Categories
Tools and Tips

4 Steps to Free Your Breath

Here’s something to think about: What one thing can you live without for only minutes?

Your breath!

We can go without food for between three to four weeks, without water for three to five days, but without air, only about three minutes—unless you’ve been especially trained, which may give you an extra two minutes of life without oxygen.

So it stands to reason that our breath is a key to our health and wellbeing—physically, mentally and spiritually. It influences our nervous system and consciousness.

When you wake up, there is a natural, involuntary shift in your breathing pattern that signals the brain that you are awake. When you’re falling asleep, your consciousness and breathing shift in tandem.

The more you are connected to your breath, the more you become aware of your breathing patterns and responses, the healthier you’re likely to be in body, mind and spirit. To facilitate this awareness, I’ve created something that I call BYB: Being with Your Breath.

BYB was inspired by my Spiritual Psychology Masters Program studies, and more deeply by the death of my mother four years ago of lung cancer. During her illness, I witnessed her desperation as she tried to grasp for air. In those difficult moments, I would guide her to be calm, allow the breath to come effortlessly and release the fear. “Don’t judge it, don’t fix it, just be with it” were my words for her.

It might seem easy to say, and hard to do, but it is profoundly helpful—on levels beyond what I’d first considered. Now I think of BYB as an approach to self-realization through the connection to and liberation of breath.

So what is BYB? How do you do it? You might be surprised, but this simple method includes just four easy-to-follow steps that you practice systematically. They are:

  1. Observe
  2. Acknowledge
  3. Appreciate
  4. Open to Divine Inspiration

Observe. Simply observe your breath As It Is. Notice what is happening in your body. Is your belly loose or tight? Notice how it rises and falls with each inhalation and exhalation.

There is no need to change anything or make it better. Just notice what is.

When you can observe your breath without judgment or interference, you free your body and your perceptive ability.

In the observer mode, your autonomic nervous system shifts from a sympathetic fight or flight state to a parasympathetic state. Your attention moves away from any negative thinking patterns to the physical sensory awareness of your breath. You become more calm.

Silence exists in the pauses between inhalation and exhalation.

Acknowledge. Now that we have noticed our breath, we have a wonderful opportunity to learn from it. What thoughts are there as you breathe? What might be at the root of your breathing pattern? What ideas, emotions, limitations, constrictions or fears might you be holding from the past?

Appreciate. Now that you have observed your breath and acknowledged your thoughts, you have the choice to let go of the thoughts and of the breath pattern you were engaged in, freeing yourself to breathe in an uninhibited way.

This is your chance to take ownership of what you acknowledged—whatever might be restricting you—and appreciate and release it. Acknowledge the Loving Essence of yourself and others. Let your breath break through the prison of judgment and flow freely, without conscious effort. This is full self-expression.

Open to Divine Inspiration. In this last step you are with your breath—in divine connection with Spirit and with all that surrounds you. Each breath you take is a reminder of your connection to the Divine, to your origin, to who you really are.

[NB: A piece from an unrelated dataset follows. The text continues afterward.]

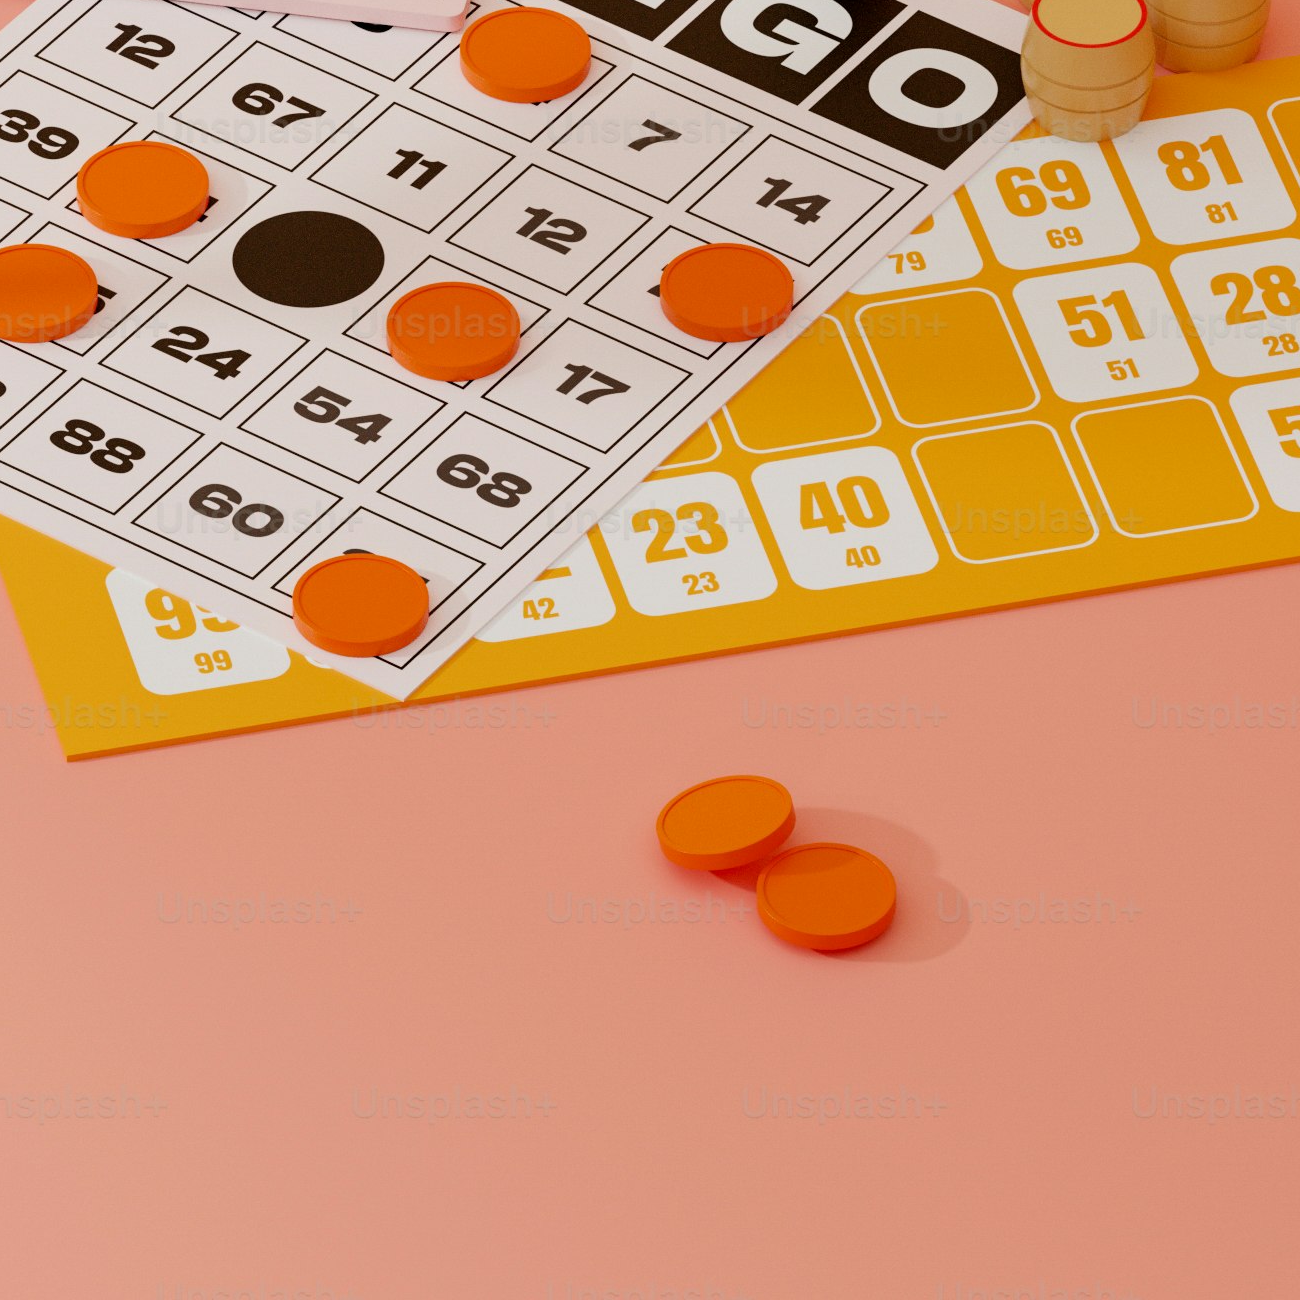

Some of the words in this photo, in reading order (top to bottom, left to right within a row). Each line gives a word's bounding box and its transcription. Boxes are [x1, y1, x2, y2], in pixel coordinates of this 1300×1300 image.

Being with your breath, you are in the present, aware, fully functioning. All is perfect as it is, and so is your breath.

The more we free our breath, the more we free our perception and are able to acknowledge the higher forces that guide our lives—even the force of our breath. We understand ourselves as part of a much larger consciousness than the “I” of daily life. We breathe in the now and all is well.